• **What to work on**:
Please copy every record below exactly and leave out the pictures.

• **Input data**:
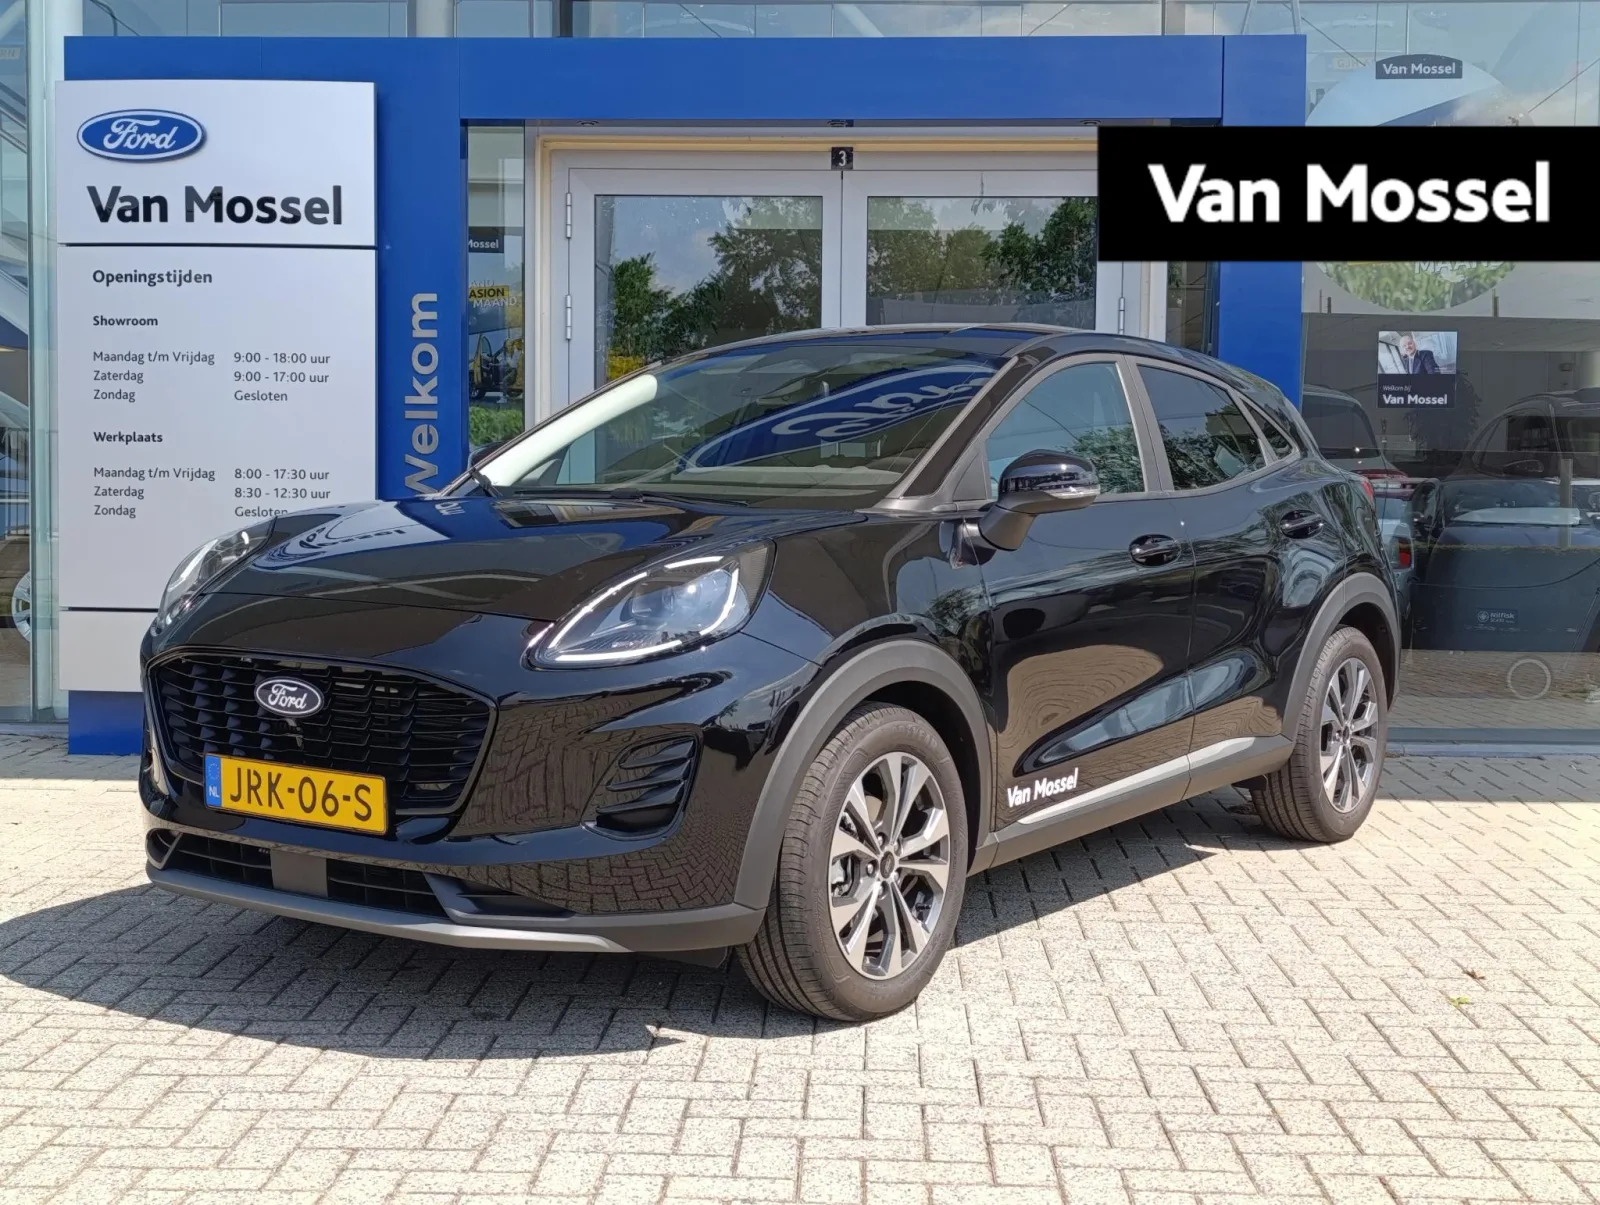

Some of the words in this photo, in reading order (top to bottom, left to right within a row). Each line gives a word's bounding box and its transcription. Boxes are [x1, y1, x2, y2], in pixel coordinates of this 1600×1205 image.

[1383, 64, 1407, 75] Van
[1411, 62, 1456, 75] Mossel
[103, 118, 179, 150] Ford
[838, 150, 847, 167] 3
[86, 185, 169, 223] Van
[184, 185, 343, 225] Mossel
[93, 270, 212, 287] Openingstijden
[469, 288, 505, 298] ASION
[473, 296, 518, 309] MAAND
[93, 315, 158, 326] Showroom
[94, 351, 144, 365] Maandag
[148, 351, 168, 362] t/m
[173, 351, 214, 365] Vrijdag
[234, 352, 260, 362] 9:00
[274, 353, 306, 363] 18:00
[94, 370, 143, 384] Zaterdag
[234, 371, 261, 381] 9:00
[274, 372, 305, 382] 17:00
[94, 389, 135, 403] Zondag
[234, 390, 287, 401] Gesloten
[404, 293, 439, 498] Welkom
[1382, 394, 1404, 404] Van
[1407, 394, 1448, 405] Mossel
[94, 431, 163, 445] Werkplaats
[94, 467, 145, 481] Maandag
[148, 468, 169, 478] t/m
[173, 468, 215, 481] Vrijdag
[235, 469, 261, 479] 8:00
[274, 469, 306, 479] 17:30
[310, 472, 329, 480] uur
[94, 486, 144, 500] Zaterdag
[235, 488, 261, 498] 8:30
[274, 488, 307, 498] 12:30
[95, 505, 136, 518] Zondag
[234, 506, 288, 518] Gesloten
[267, 683, 308, 710] Ford
[208, 785, 220, 798] NL
[230, 767, 372, 822] JRK-06-S
[1007, 785, 1031, 808] Van
[1033, 767, 1079, 801] Mossel

• **Response below**:
Some of the words in this photo, in reading order (top to bottom, left to right within a row). Each line gives a word's bounding box and its transcription. Boxes are [x1, y1, x2, y2], in pixel coordinates of this 1600×1205 image.

[1383, 64, 1407, 75] Van
[1411, 62, 1456, 75] Mossel
[103, 118, 179, 150] Ford
[838, 150, 847, 167] 3
[86, 185, 169, 223] Van
[184, 185, 343, 225] Mossel
[93, 270, 212, 287] Openingstijden
[469, 288, 505, 298] ASION
[473, 296, 518, 309] MAAND
[93, 315, 158, 326] Showroom
[94, 351, 144, 365] Maandag
[148, 351, 168, 362] t/m
[173, 351, 214, 365] Vrijdag
[234, 352, 260, 362] 9:00
[274, 353, 306, 363] 18:00
[94, 370, 143, 384] Zaterdag
[234, 371, 261, 381] 9:00
[274, 372, 305, 382] 17:00
[94, 389, 135, 403] Zondag
[234, 390, 287, 401] Gesloten
[404, 293, 439, 498] Welkom
[1382, 394, 1404, 404] Van
[1407, 394, 1448, 405] Mossel
[94, 431, 163, 445] Werkplaats
[94, 467, 145, 481] Maandag
[148, 468, 169, 478] t/m
[173, 468, 215, 481] Vrijdag
[235, 469, 261, 479] 8:00
[274, 469, 306, 479] 17:30
[310, 472, 329, 480] uur
[94, 486, 144, 500] Zaterdag
[235, 488, 261, 498] 8:30
[274, 488, 307, 498] 12:30
[95, 505, 136, 518] Zondag
[234, 506, 288, 518] Gesloten
[267, 683, 308, 710] Ford
[208, 785, 220, 798] NL
[230, 767, 372, 822] JRK-06-S
[1007, 785, 1031, 808] Van
[1033, 767, 1079, 801] Mossel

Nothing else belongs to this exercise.